O INFERNO
DE UM ANJO
Romance-folhetim
Título original:
L’enfer d’un Ange
Henriette de Tremière/o inferno de um anjo
e revisado por Paulo Sena
Rev. G.H.
BIBLIOTECA GRANDE HOTEL
Capítulo
XXII
A
ESPIÃ APAIXONADA
Rosane
sempre obedecera cegamente a Ubaldo, que tinha por hábito pagar fartamente seus
bons serviços. A moça era perspicaz, professora na arte de dissimular, sabia
fingir, escutar atrás das portas, abrir a correspondência dos senhores a cujo
serviço ela ingressava para levar a efeito as tarefas de espionagem doméstica
que Ubaldo Duroi lhe encomendava.
Enfim,
ele achou nela uma colaboradora muito hábil e matreira, que sabia como ninguém
ganhar a confiança e a simpatia das pessoas que a empregavam.
Seu
emprego atual, como já sabemos, era o de camareira de quarto da baronesinha
Denise. E esta, apesar de ser muito desconfiada e despótica, tinha simpatizado
com ela e a tratava sem o orgulho que reservava para os outros criados.
Rosane
não tinha motivos de queixa da baronesinha. Dos repentinos maus-humores e
grosserias de Denise, que não podia esconder sua falta de educação, quando
estava contrariada ou aborrecida, a moça não fazia o menor caso.
Sabia
que eram tempestades em copo de água, que não tardavam em desvanecer-se.

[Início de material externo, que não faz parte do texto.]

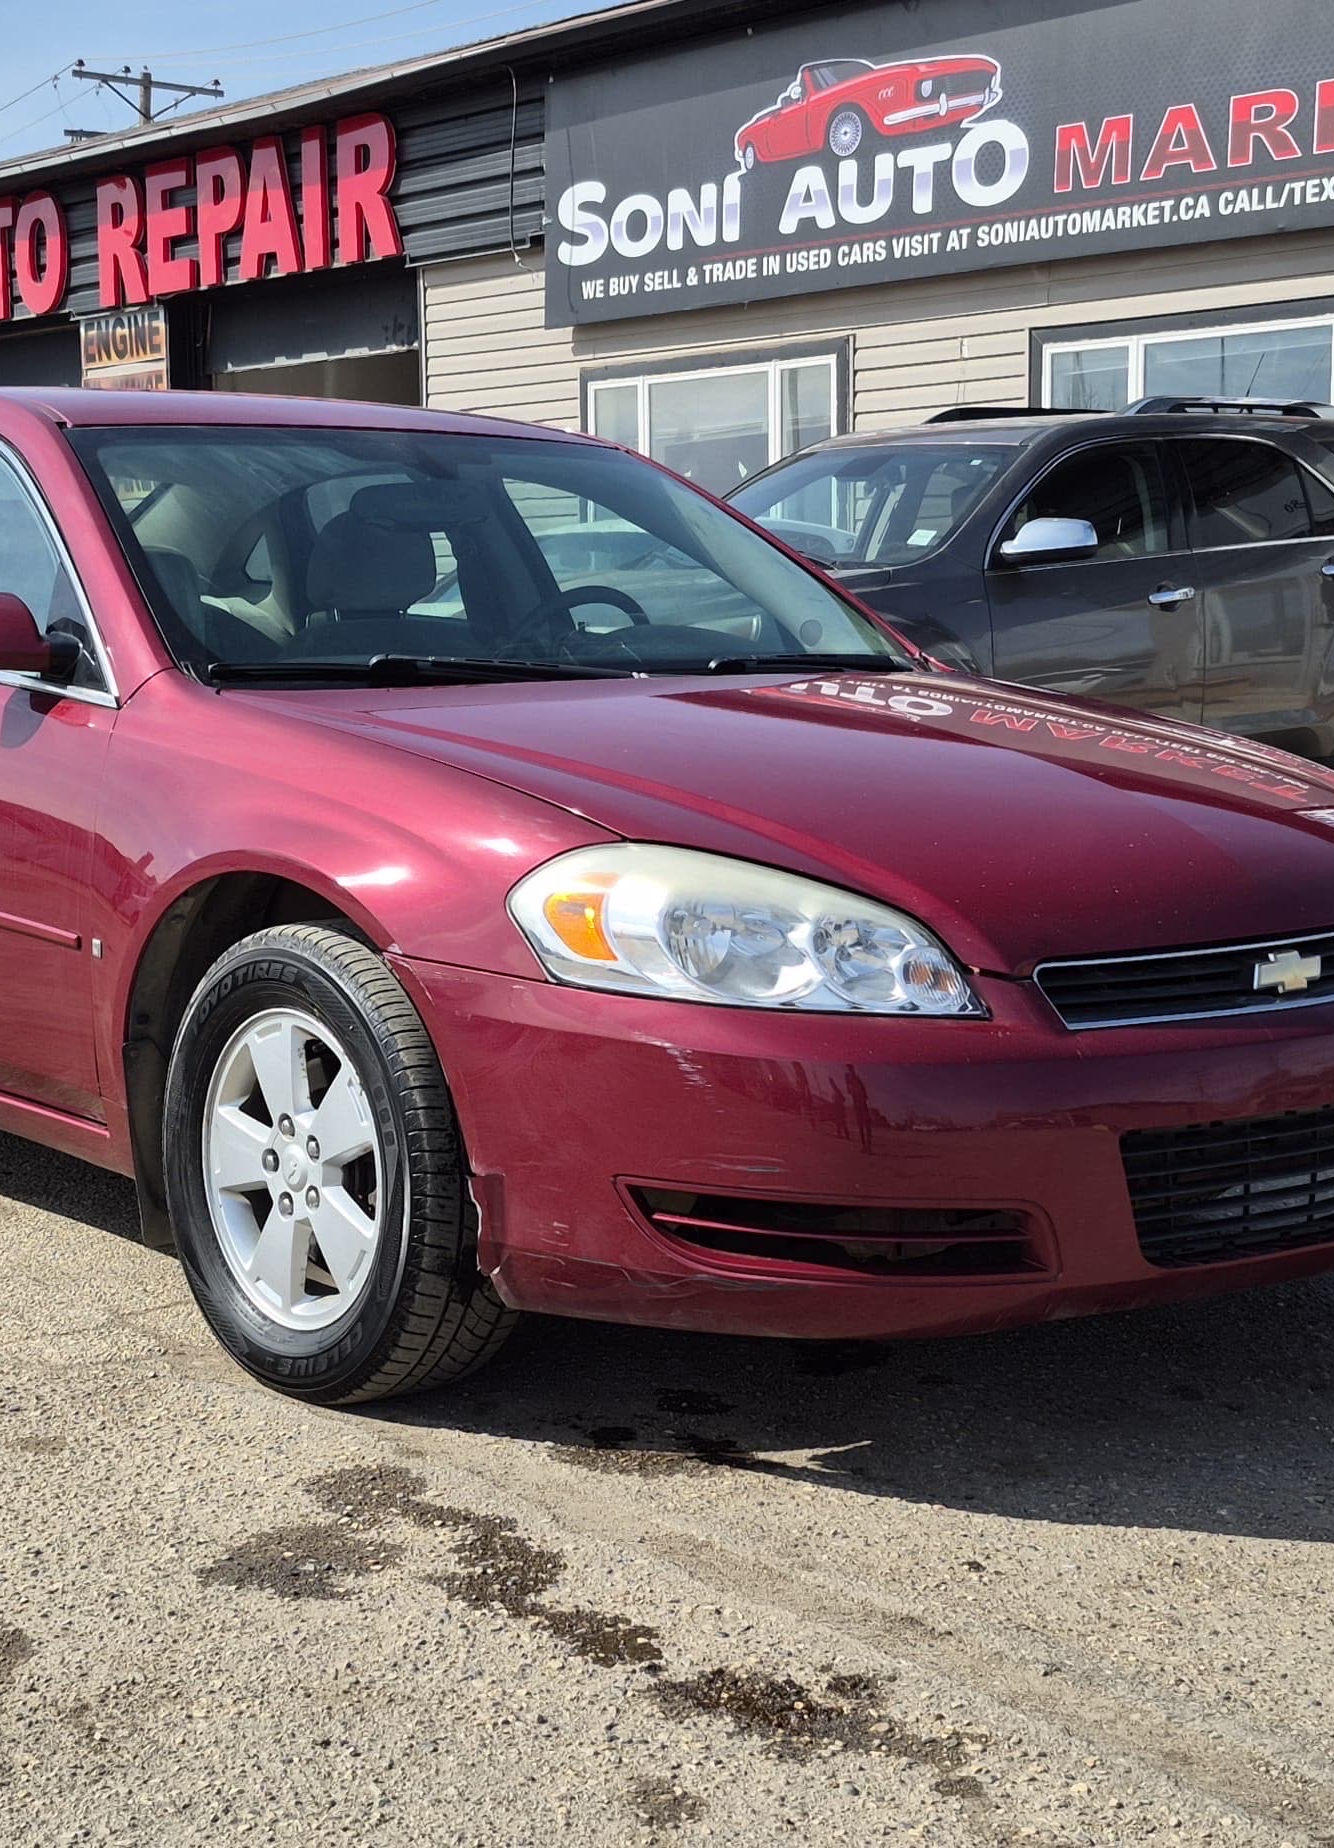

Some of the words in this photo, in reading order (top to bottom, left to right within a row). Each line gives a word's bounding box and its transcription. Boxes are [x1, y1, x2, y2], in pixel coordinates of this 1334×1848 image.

[97, 112, 405, 309] REPAIR
[557, 171, 741, 266] SONI
[778, 119, 1030, 235] AUTO
[581, 279, 604, 300] WE
[609, 274, 640, 297] BUY
[643, 269, 682, 292] SELL
[686, 266, 699, 287] &
[703, 258, 757, 284] TRADE
[762, 255, 780, 277] IN
[785, 247, 832, 273] USED
[837, 240, 887, 267] CARS
[892, 232, 942, 259] VISIT
[946, 228, 971, 252] AT
[976, 195, 1211, 248] SONIAUTOMARKET.CA
[84, 311, 162, 364] ENGINE
[235, 962, 299, 986] TIRES
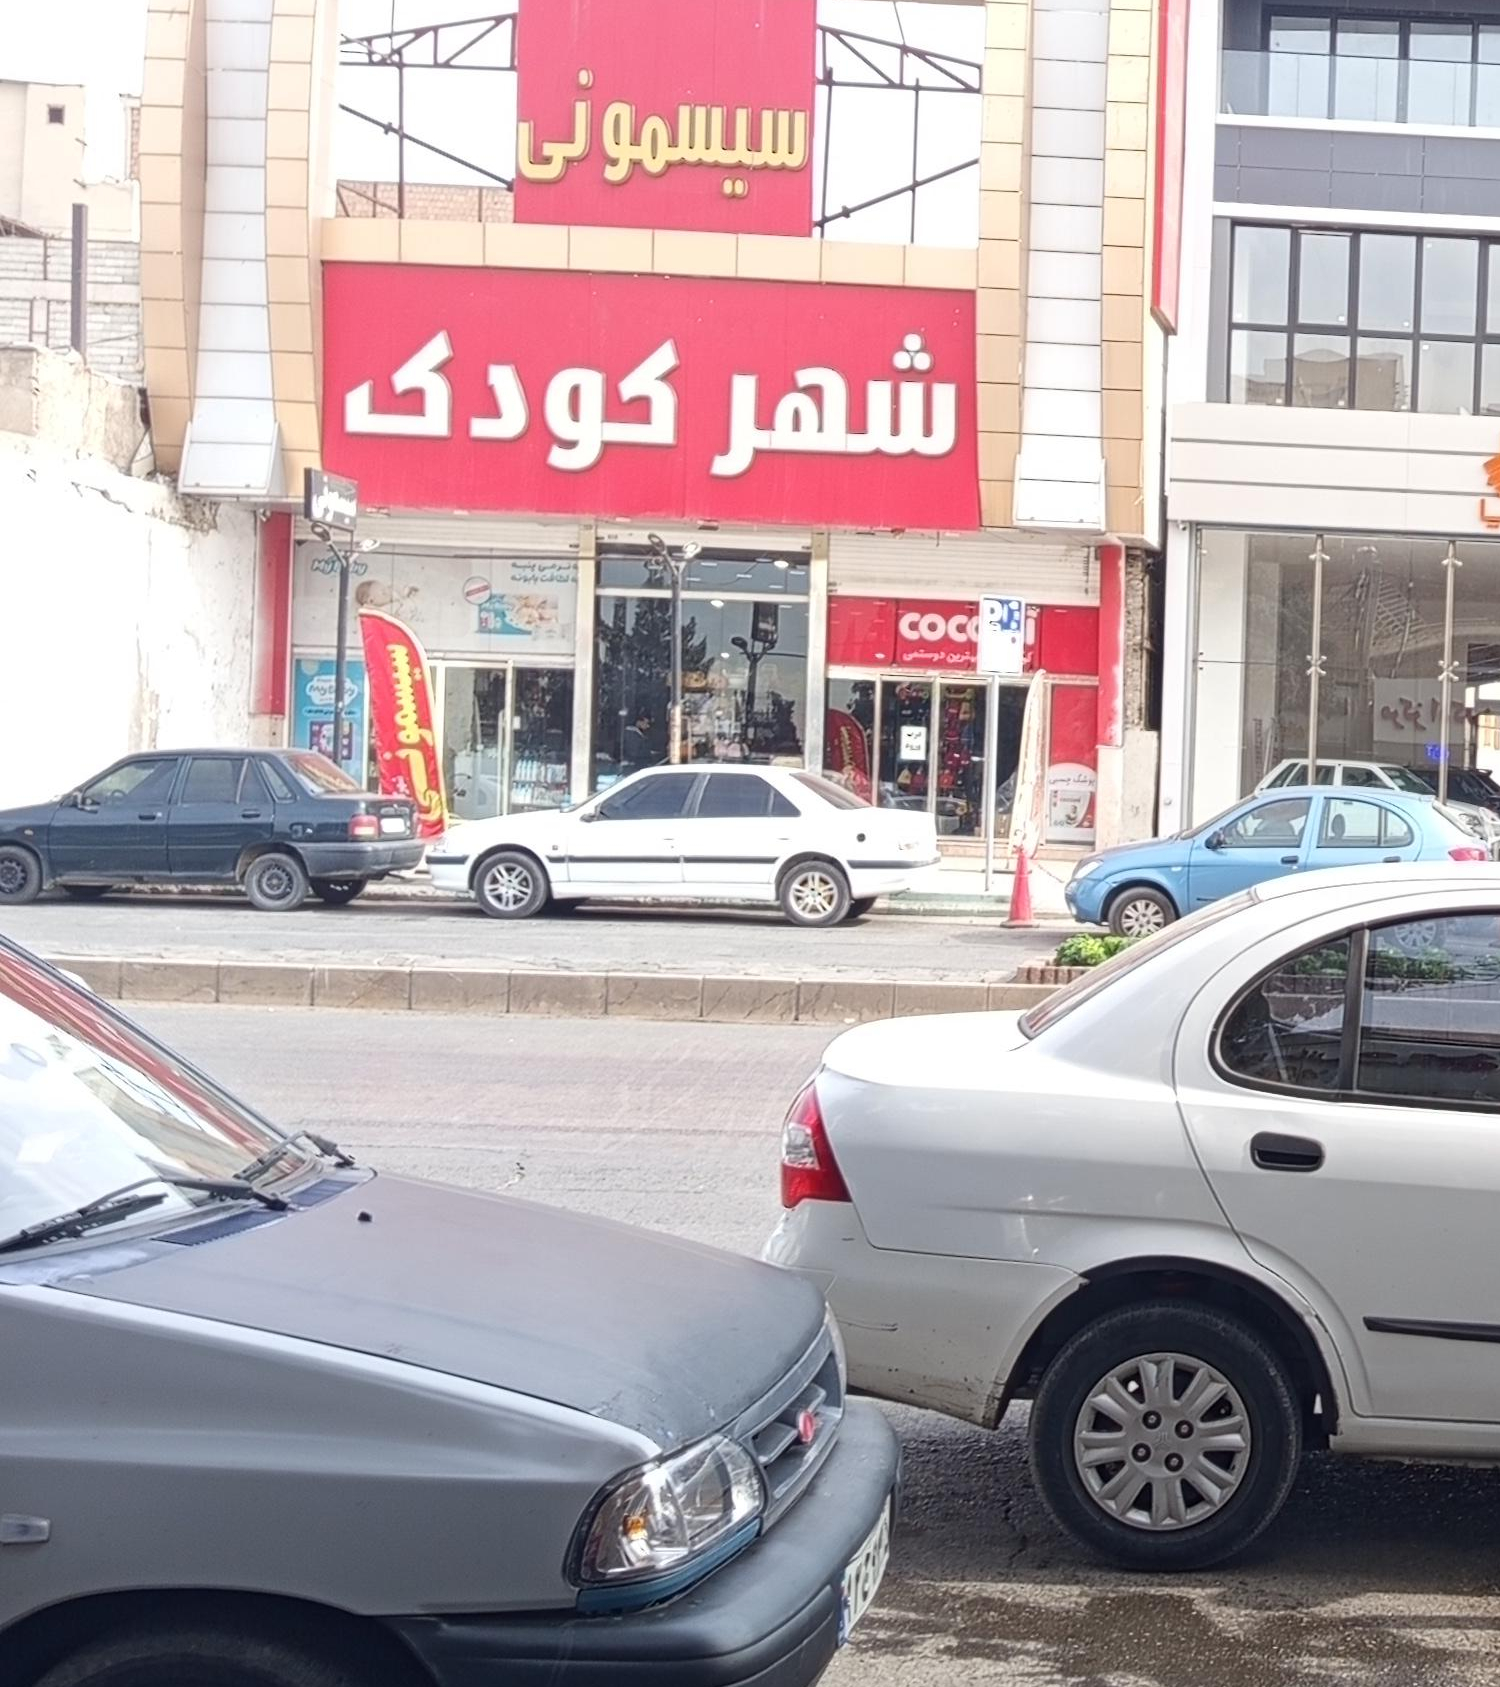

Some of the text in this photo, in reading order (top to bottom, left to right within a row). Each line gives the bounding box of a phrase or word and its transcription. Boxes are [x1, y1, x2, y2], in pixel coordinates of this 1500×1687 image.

[517, 67, 808, 198] سیسمونی
[345, 330, 958, 478] شهر کودک
[383, 644, 443, 822] سیسمونی
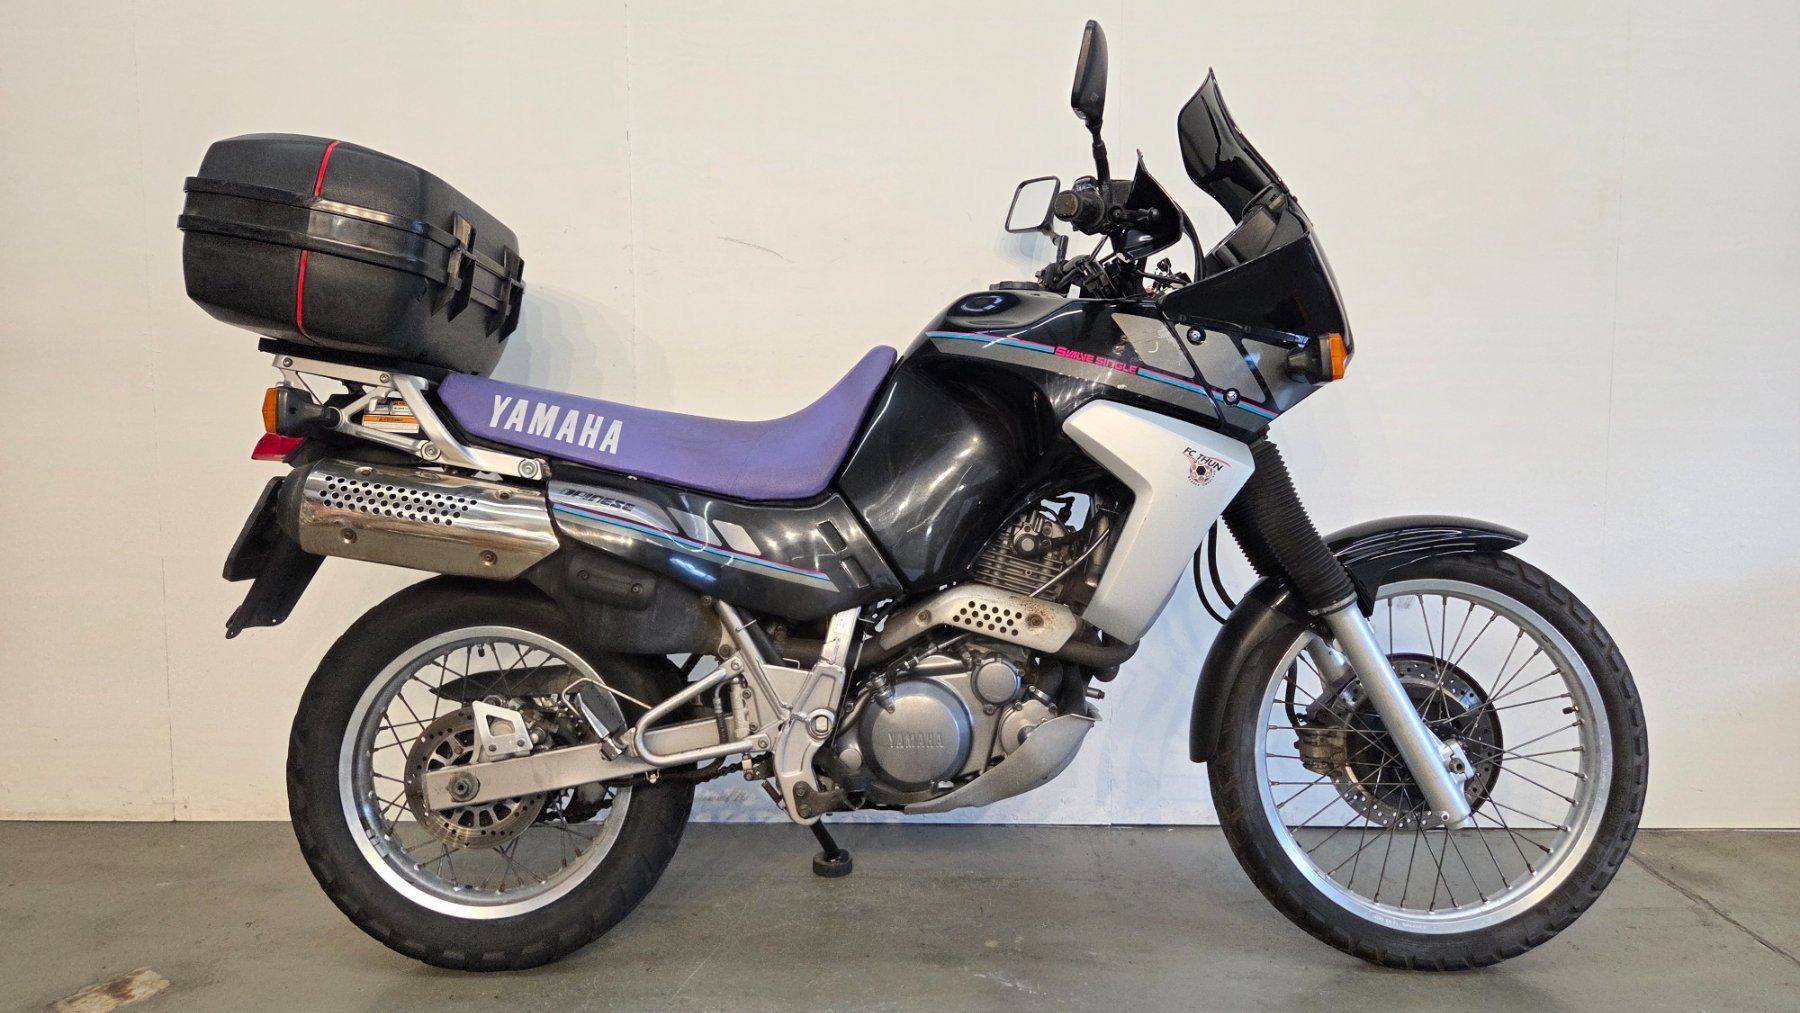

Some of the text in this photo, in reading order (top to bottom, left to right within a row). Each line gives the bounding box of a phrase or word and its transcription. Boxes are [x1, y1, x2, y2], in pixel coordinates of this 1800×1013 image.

[1095, 356, 1138, 375] SINGLE
[489, 394, 623, 454] YAMAHA
[1183, 446, 1224, 471] FC THUN
[887, 731, 945, 749] YAMAHA
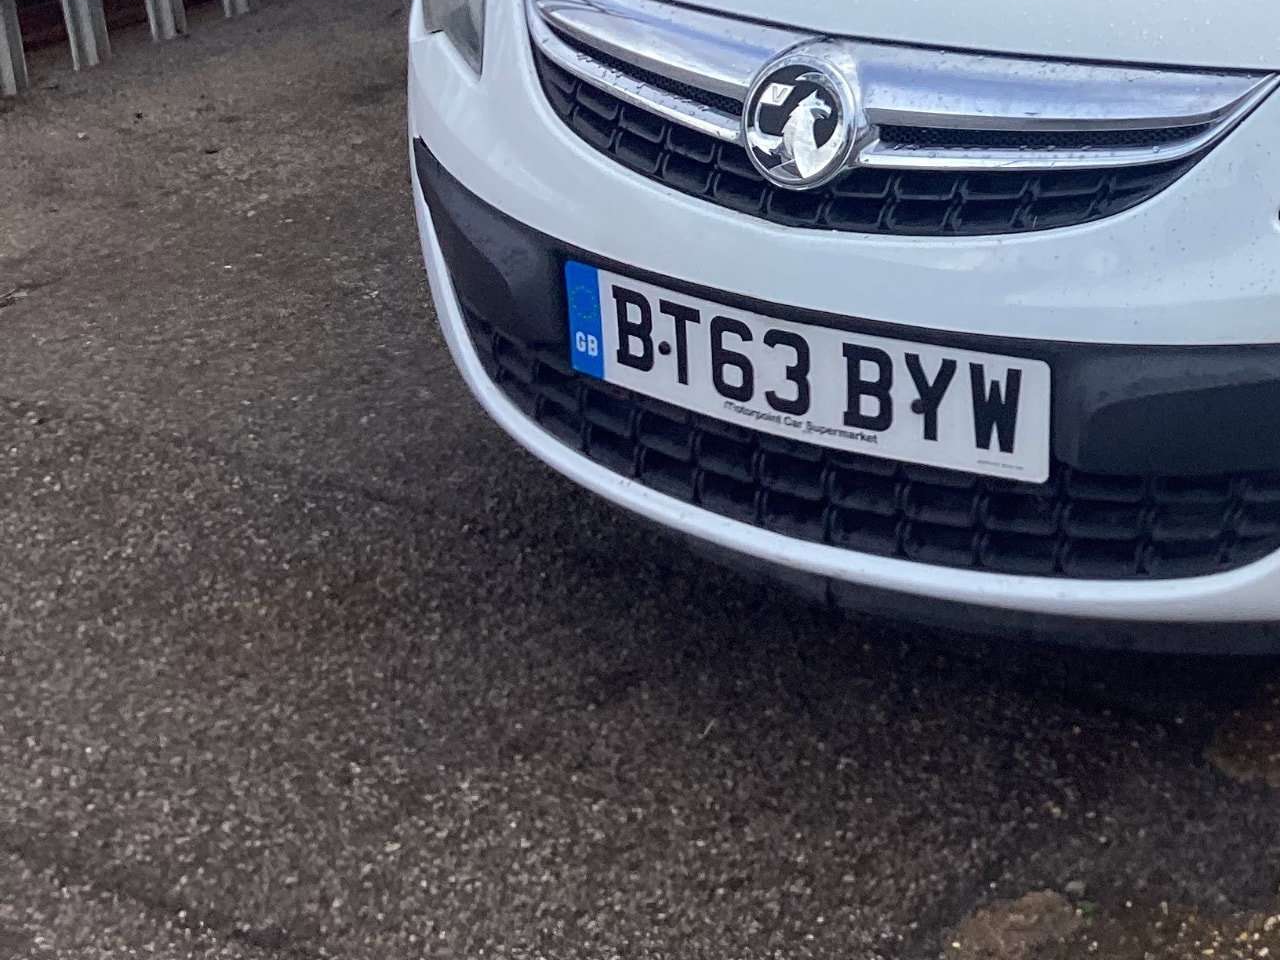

Sobretudo, Rosane tinha em conta que Denise a distinguia francamente,
considerando-a muito acima das outras empregadas do palácio.
Bem
alimentada, recebendo um bom salário, sendo também recompensada secretamente
por Ubaldo Duroi, o homem que mais sabia a respeito da vida íntima das pessoas
ricas ou poderosas da cidade de Nova Orleans, a situação de que ela desfrutava
na mansão dos Rastignac era uma das melhores, talvez a melhor que ela teve em
toda a sua vida de espiã doméstica.
Podia
sentir-se até feliz, sentando-se todos os dias a uma mesa em que eram servidas
as melhores comidas, os vinhos mais velhos e seletos, em que o guarda-roupa de
Rosane guardava mais de uma dúzia de lindos vestidos com que a baronesinha lhe
presenteara.
E
quando a moça saía a passeio, ia tão bem vestida que, pelo seu aspecto, mais
parecia marquesa que camareira.
Mas
nesse paraíso, como em quase todos os paraísos, havia uma serpente muito
insidiosa, a que daremos o nome de amor e de amor impossível certamente.
Rosane
sabia que sua fogosa paixão, que a duras penas vinha ocultando, era verdadeira
loucura, dado o caráter, o modo de ser do homem em quem ela pôs os olhos
atrevidos.
"É
como se tivesse me enamorado de um deus", murmurava Rosane para si mesma. "Tal
é a distância que nos separa. Eu, mísera camareira, ele milionário e nobre...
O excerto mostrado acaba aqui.